# Best screw material?



## JavaGeek (Feb 2, 2010)

Hello,
I am pretty new to woodworking and am trying to learn the fundamentals. I am building a piece and want to use fasteners for some pieces (especially parts that are hidden from view). I noticed there are many choices of fastener material. What should I choose for woodworking (red oak & poplar mostly)?

What screw material is strongest?

Is stainless steel ideal if the the piece is not exposed to excessive moisture? Do you lose anything by choosing stainless over zinc-coated or black oxide for an indoor piece?
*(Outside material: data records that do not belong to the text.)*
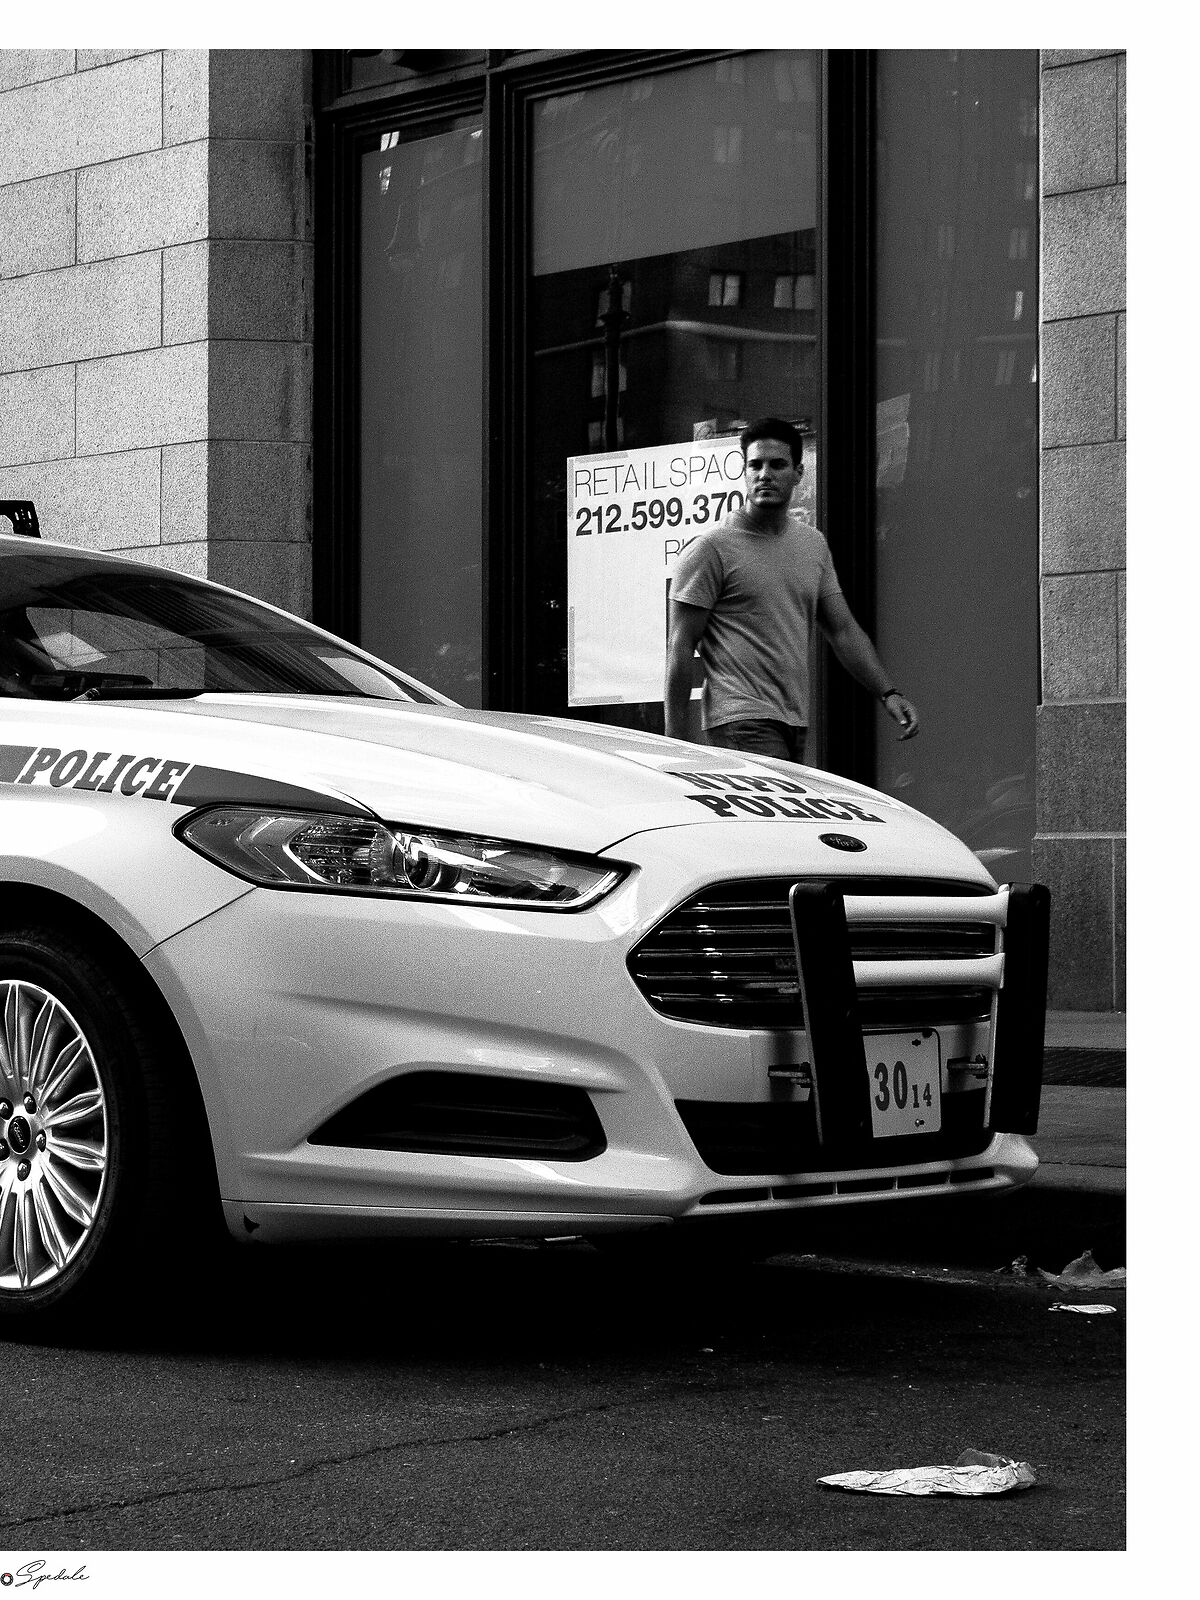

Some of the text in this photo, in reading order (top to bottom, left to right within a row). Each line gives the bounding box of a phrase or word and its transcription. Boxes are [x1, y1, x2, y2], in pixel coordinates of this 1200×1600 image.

[669, 450, 746, 487] SPAC
[575, 490, 750, 537] 212.599.370
[18, 747, 191, 802] POLICE
[663, 771, 807, 794] NYPD
[684, 794, 887, 824] POLICE
[874, 1060, 932, 1111] 30 14
I noticed that the price difference for stainless isn't significant for the quantities that I use, so it's certainly an option, but I wouldn't choose it if I knew it was more likely to snap or didn't hold as well as other materials. 


Thanks!
Steven


----------



## wseand40 (Jan 24, 2010)

*Screws*

They all will do the job just fine. They all are weather resistant and strong. The design and placement of the fasteners are the most important thing. Make sure you are using the correct size fastener and screw for the job at hand.


----------



## mmwood_1 (Oct 24, 2007)

wseand40 said:


> They all will do the job just fine. They all are weather resistant and strong.
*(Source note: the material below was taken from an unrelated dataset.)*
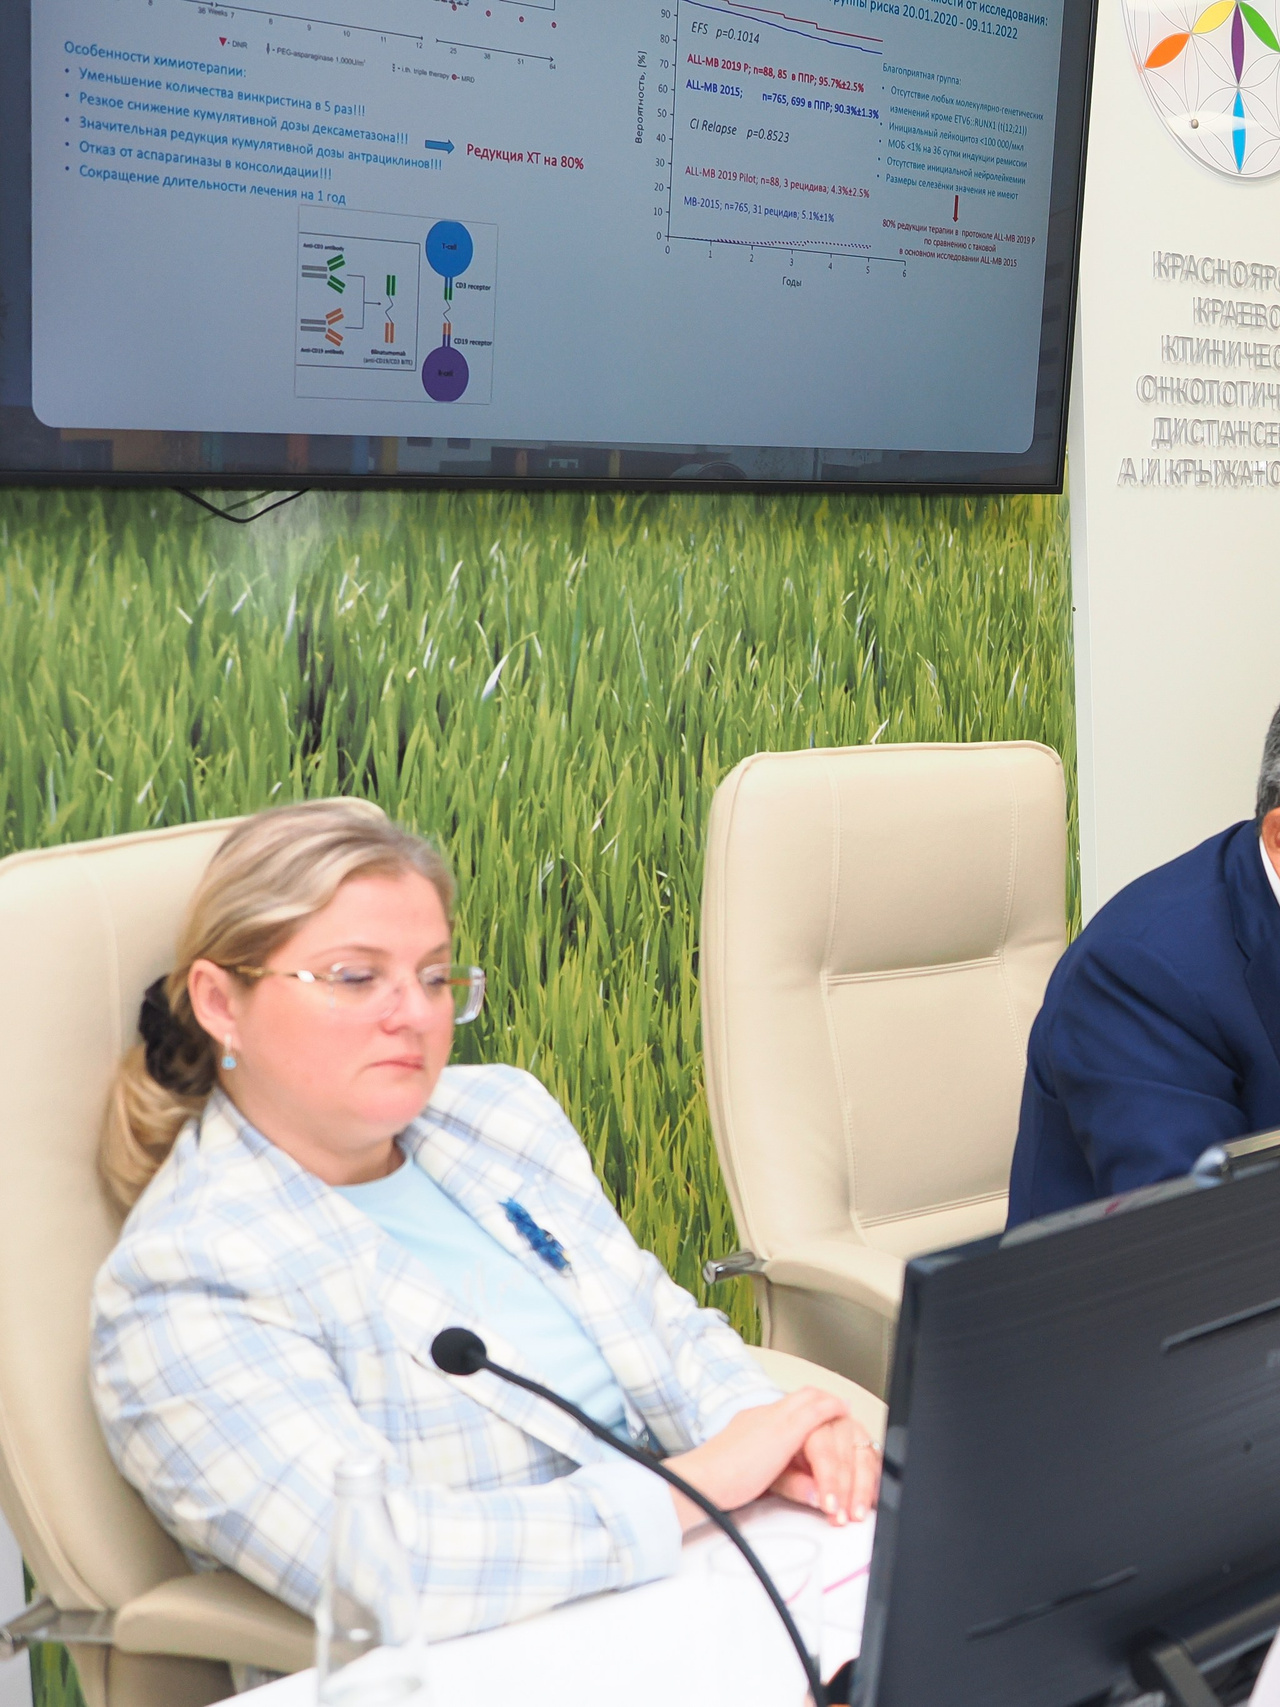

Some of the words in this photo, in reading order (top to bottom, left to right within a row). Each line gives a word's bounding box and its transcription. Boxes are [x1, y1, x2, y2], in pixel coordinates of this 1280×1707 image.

--So as not to mislead you, this statement is incorrect. In an outdoor application where it is rainy, the zinc screws and the black oxide screws will rust and snap within 2 years. Not relevant to your current project, I know, but in that application, you'd be better off with SS.


----------



## gregL (Feb 1, 2009)

Stainless steel screws are great for outdoor applications and marine applications but are made of softer metal and are not as strong as a hardened steel screws. Stainless steel screws are not necessary for interior use. find a store that specializes in fasteners instead of the big box stores that sell the extremely cheap quality fasteners


----------



## wseand40 (Jan 24, 2010)

*Screws*

Ok, zinc and black oxide are only a coatings on metal. Their intended use is not for corrosion resistance as well they don't lessen the corrosion attributes of the metal that has been coated with them. They have nothing to do with strength. Do your homework mmwood_1 before replying. If you are really worried about the strength. Find out what the Rockwell Hardness and tensile strengths are. Make sure it is a course screw or use a thru bolt with washer and nut. When in doubt build it stout. 

William


----------



## jraksdhs (Oct 19, 2008)

*wow....*



wseand40 said:


> Do your homework mmwood_1 before replying.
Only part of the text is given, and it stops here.